Why Product Performance Isn’t Enough
There’s nothing wrong with product performance innovation
per se. In fact, depending on industry or context, such innovation may be
necessary to cut through the noise of existing offerings. When a PC first gets
designed with special chips for managing graphics, or includes a nice little
biometric feature that starts it up securely with just your fingerprint, users
value these advances. But if that’s all you use, this steady progression of new
functions and features is insufficient for continued success and
differentiation. Today, nearly every category is hyper-contested. Also,
suppliers can only succeed if they can sell their little specialty ingredient
or functional doohickey to all the market players in an ecosystem, not just
one. That means any unique effect is swiftly eroded.

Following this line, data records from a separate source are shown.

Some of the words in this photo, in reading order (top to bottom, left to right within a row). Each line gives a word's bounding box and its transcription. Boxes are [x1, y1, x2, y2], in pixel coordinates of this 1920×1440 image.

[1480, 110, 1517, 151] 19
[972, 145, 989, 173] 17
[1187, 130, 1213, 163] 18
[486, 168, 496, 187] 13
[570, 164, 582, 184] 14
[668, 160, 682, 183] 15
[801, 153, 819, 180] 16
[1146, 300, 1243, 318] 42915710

Remember that a firm’s overall performance inexorably erodes
through the phenomenon known as the cost of complexity. Pickup truck wars
illustrate this trend. For several decades, the key to marketing a pickup truck
has been to assert that yours is more macho than everyone else’s. Toughness and
torque are keys, with horsepower and towing power detailed in a basso profundo
voiceover. To dramatize just how tough these trucks are, we see ads showing
them being thrown off cliffs, driven through fiery tunnels, and molested by
robots in underground bunkers. It’s certainly a relief to know that these fine
vehicles will survive such ordeals, but thankfully such situations seldom arise
in real life. When all the trucks are mighty macho, innovation that helps the
truck driver or owner do something else is what matters.

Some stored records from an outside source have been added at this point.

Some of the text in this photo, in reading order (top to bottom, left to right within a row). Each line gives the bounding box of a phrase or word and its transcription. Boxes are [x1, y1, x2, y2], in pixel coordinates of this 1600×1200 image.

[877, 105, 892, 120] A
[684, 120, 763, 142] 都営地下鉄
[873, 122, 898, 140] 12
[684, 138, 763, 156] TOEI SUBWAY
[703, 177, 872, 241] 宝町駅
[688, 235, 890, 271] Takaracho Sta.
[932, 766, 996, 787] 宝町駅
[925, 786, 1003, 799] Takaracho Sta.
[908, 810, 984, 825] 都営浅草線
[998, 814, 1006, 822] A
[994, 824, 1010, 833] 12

Today, almost any design can be knocked off in record time,
whether you work in textiles or technology. Launch any new gadget and an
engineering deconstruction will quickly appear online showing the components
used, with clear speculations about the suppliers and costs of each one. Twenty
thousand products were introduced at the 2013 International Consumer
Electronics Show, including dozens of new ultrabooks, OLED TVs, next-generation
smartphones, and 3-D printers. There is always room for thoughtful designs in
the world, but who’d like to make a bet on how many of these will be successful
in the marketplace? It’s safe to say that a large percentage of them will enjoy
only a short and troubled life.
Apple represents the apotheosis of gadget lust. Still, with
reliable regularity, it adds to its arsenal of beautifully designed technology
objects, causing the technorati to swoon on cue. Yet Apple’s products are just
the tip of an innovation spear that has been carefully designed from start to
finish. Even before he became CEO, Tim Cook had won praise for the way in which
he drove efficiencies through every part of Apple’s supply chain. For example,
many analysts believe the company has a substantial cost advantage on flash
memory due to its supply chain management. The platform of iTunes and the App
store has allowed it to generate enormous value from an ecosystem of developers
and record labels keen to connect with Apple’s audience. That makes any of the
devices that connect to that ecosystem much more valuable and appealing. 25
billion songs had been downloaded by February 2013, an indication of a
lucrative business model by anyone’s standards.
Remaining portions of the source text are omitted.